I just found out about Scott, so sorry Mary Jane. I still think about my two grandsons Bryan and Chris and Scott and Chase at your house.

Ryan Hourihan

5 agosto , 2019

I met Scott at a young age on the soccer field. He was a great friend and a tremendous soccer player....I actually enjoyed watching the 1/100 that could actually get by Scott because I knew, if you got by Scott....you were going to see him again real soon! Whether it was a legal slide tackle or a behind the legs take out...he was coming for you! Ill never forget the sleep over we had at the house and me shattering his basement door window....Scott refused to tell his dad and made me do it haha...I still love him to this day for that, I would have done the same! The memories I have with Scott I will always cherish. He was a great man, and he is going to be truly missed by all his friends and family. The photo below (myself, Scott, Brian Weiss) I believe is from field day at Jacksonville elementary where we always fought for 2nd place in the sprint race because 1st place ALWAYS belonged to Scott Franklin.

Gina Franklin

2 agosto , 2019

I never had a brother and always considered Scott my brother. I felt we had a special connection and I wish we could have had more time.

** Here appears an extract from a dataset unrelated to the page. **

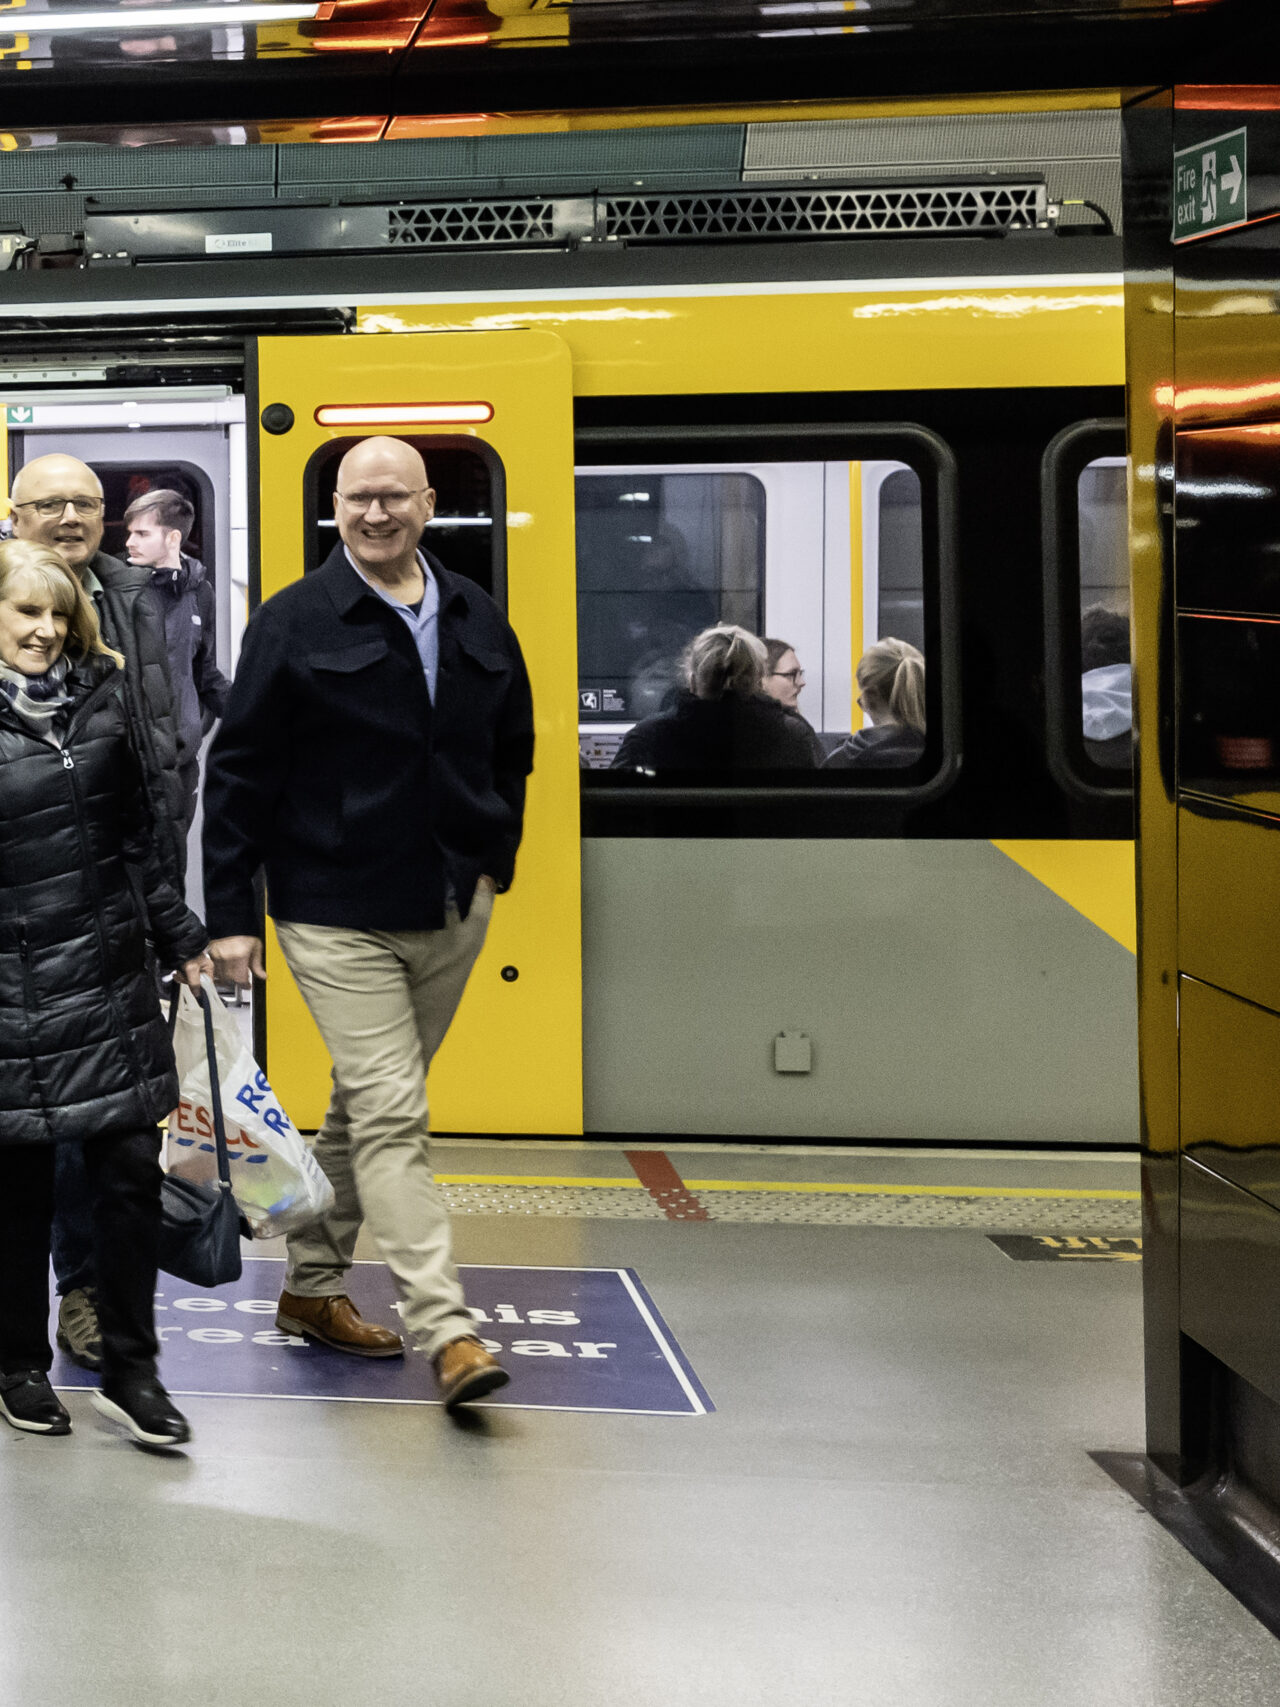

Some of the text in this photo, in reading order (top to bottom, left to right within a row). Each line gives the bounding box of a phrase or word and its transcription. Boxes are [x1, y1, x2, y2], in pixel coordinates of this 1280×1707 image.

Scott, my girls loved you especially Kyler, she loved playing with her Uncle Scotty. I am so happy you are Charlottes godfather that was a beautiful day. The world will never be the same. I miss your voice, your smile, and when you make Peanut stand on two legs and be silly. You were a good soul I hope you know that. Our family is devastated but will stay strong with the positive memories.

Debbie and Dave Thomas

29 julio , 2019

Please know Mary Jane, Chase and Amber, we are praying for you during this difficult time. Being very first neighbors and good friends, we have such beautiful memories! The boys and their “flashlight tag” (almost every night in the summer ) was such a favorite! Our vacations in Myrtle Beach were so special because we were all together at Deer Track, the Conch and the Pavilion. Such loving times being together. Hold those delightful memories in your hearts, and may God bless you all!

Sandy Hostetler

29 julio , 2019

I'm so sorry for your loss. If you need anything during this tragic time, please let us know.

Sandy Hostetler
works with Mary Jane at Element

Brian Thomas

29 julio , 2019

I grew up next to Scott and vacationed with the Franklins for years. I’ll never forget playing Marco-Pollo, pool games and trying to catch turtle and fish in the ponds. We would take our shoes off and wade into the pond. Looking back that wasn’t the wisest thing to do in South Carolina. I am so sorry this has happened and will always remember Scott.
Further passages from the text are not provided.